> Activity
A word-for-word copy of the entries below is required.

> Information shown
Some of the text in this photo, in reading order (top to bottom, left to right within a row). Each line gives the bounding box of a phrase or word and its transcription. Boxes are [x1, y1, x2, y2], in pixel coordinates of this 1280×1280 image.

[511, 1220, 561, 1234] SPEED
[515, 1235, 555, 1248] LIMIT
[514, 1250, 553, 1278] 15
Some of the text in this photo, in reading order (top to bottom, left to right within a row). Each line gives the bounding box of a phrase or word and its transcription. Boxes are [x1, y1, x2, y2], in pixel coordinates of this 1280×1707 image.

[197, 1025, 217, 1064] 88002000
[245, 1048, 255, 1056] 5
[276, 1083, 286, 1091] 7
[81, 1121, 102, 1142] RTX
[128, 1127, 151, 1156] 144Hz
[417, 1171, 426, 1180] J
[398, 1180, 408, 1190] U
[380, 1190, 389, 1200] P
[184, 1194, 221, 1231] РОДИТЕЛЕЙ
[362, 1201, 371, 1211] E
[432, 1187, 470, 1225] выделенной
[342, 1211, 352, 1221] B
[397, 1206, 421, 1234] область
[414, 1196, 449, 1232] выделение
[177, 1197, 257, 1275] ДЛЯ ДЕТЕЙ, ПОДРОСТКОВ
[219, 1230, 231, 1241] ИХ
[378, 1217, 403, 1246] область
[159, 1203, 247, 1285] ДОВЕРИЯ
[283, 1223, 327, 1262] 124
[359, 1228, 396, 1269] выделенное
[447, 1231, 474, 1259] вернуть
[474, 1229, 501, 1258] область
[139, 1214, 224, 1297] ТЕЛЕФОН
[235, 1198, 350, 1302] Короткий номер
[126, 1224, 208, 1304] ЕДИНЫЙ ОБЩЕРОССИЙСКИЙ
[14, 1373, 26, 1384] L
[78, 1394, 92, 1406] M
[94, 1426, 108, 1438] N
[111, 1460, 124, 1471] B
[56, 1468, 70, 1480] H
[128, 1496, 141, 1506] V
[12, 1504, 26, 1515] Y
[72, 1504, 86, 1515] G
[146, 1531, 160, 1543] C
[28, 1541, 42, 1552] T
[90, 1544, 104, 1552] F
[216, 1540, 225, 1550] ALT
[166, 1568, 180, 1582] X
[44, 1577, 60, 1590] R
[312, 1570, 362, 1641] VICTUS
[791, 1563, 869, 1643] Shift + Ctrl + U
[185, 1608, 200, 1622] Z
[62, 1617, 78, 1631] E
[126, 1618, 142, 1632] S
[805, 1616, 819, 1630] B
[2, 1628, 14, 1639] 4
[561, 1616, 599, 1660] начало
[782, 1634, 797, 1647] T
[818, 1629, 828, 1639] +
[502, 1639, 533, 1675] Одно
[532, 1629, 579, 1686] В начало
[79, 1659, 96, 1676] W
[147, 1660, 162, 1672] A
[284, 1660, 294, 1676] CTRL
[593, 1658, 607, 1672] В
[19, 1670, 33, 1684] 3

> Expected output
Some of the text in this photo, in reading order (top to bottom, left to right within a row). Each line gives the bounding box of a phrase or word and its transcription. Boxes are [x1, y1, x2, y2], in pixel coordinates of this 1280×1280 image.

[511, 1220, 561, 1234] SPEED
[515, 1235, 555, 1248] LIMIT
[514, 1250, 553, 1278] 15
Some of the text in this photo, in reading order (top to bottom, left to right within a row). Each line gives the bounding box of a phrase or word and its transcription. Boxes are [x1, y1, x2, y2], in pixel coordinates of this 1280×1707 image.

[197, 1025, 217, 1064] 88002000
[245, 1048, 255, 1056] 5
[276, 1083, 286, 1091] 7
[81, 1121, 102, 1142] RTX
[128, 1127, 151, 1156] 144Hz
[417, 1171, 426, 1180] J
[398, 1180, 408, 1190] U
[380, 1190, 389, 1200] P
[184, 1194, 221, 1231] РОДИТЕЛЕЙ
[362, 1201, 371, 1211] E
[432, 1187, 470, 1225] выделенной
[342, 1211, 352, 1221] B
[397, 1206, 421, 1234] область
[414, 1196, 449, 1232] выделение
[177, 1197, 257, 1275] ДЛЯ ДЕТЕЙ, ПОДРОСТКОВ
[219, 1230, 231, 1241] ИХ
[378, 1217, 403, 1246] область
[159, 1203, 247, 1285] ДОВЕРИЯ
[283, 1223, 327, 1262] 124
[359, 1228, 396, 1269] выделенное
[447, 1231, 474, 1259] вернуть
[474, 1229, 501, 1258] область
[139, 1214, 224, 1297] ТЕЛЕФОН
[235, 1198, 350, 1302] Короткий номер
[126, 1224, 208, 1304] ЕДИНЫЙ ОБЩЕРОССИЙСКИЙ
[14, 1373, 26, 1384] L
[78, 1394, 92, 1406] M
[94, 1426, 108, 1438] N
[111, 1460, 124, 1471] B
[56, 1468, 70, 1480] H
[128, 1496, 141, 1506] V
[12, 1504, 26, 1515] Y
[72, 1504, 86, 1515] G
[146, 1531, 160, 1543] C
[28, 1541, 42, 1552] T
[90, 1544, 104, 1552] F
[216, 1540, 225, 1550] ALT
[166, 1568, 180, 1582] X
[44, 1577, 60, 1590] R
[312, 1570, 362, 1641] VICTUS
[791, 1563, 869, 1643] Shift + Ctrl + U
[185, 1608, 200, 1622] Z
[62, 1617, 78, 1631] E
[126, 1618, 142, 1632] S
[805, 1616, 819, 1630] B
[2, 1628, 14, 1639] 4
[561, 1616, 599, 1660] начало
[782, 1634, 797, 1647] T
[818, 1629, 828, 1639] +
[502, 1639, 533, 1675] Одно
[532, 1629, 579, 1686] В начало
[79, 1659, 96, 1676] W
[147, 1660, 162, 1672] A
[284, 1660, 294, 1676] CTRL
[593, 1658, 607, 1672] В
[19, 1670, 33, 1684] 3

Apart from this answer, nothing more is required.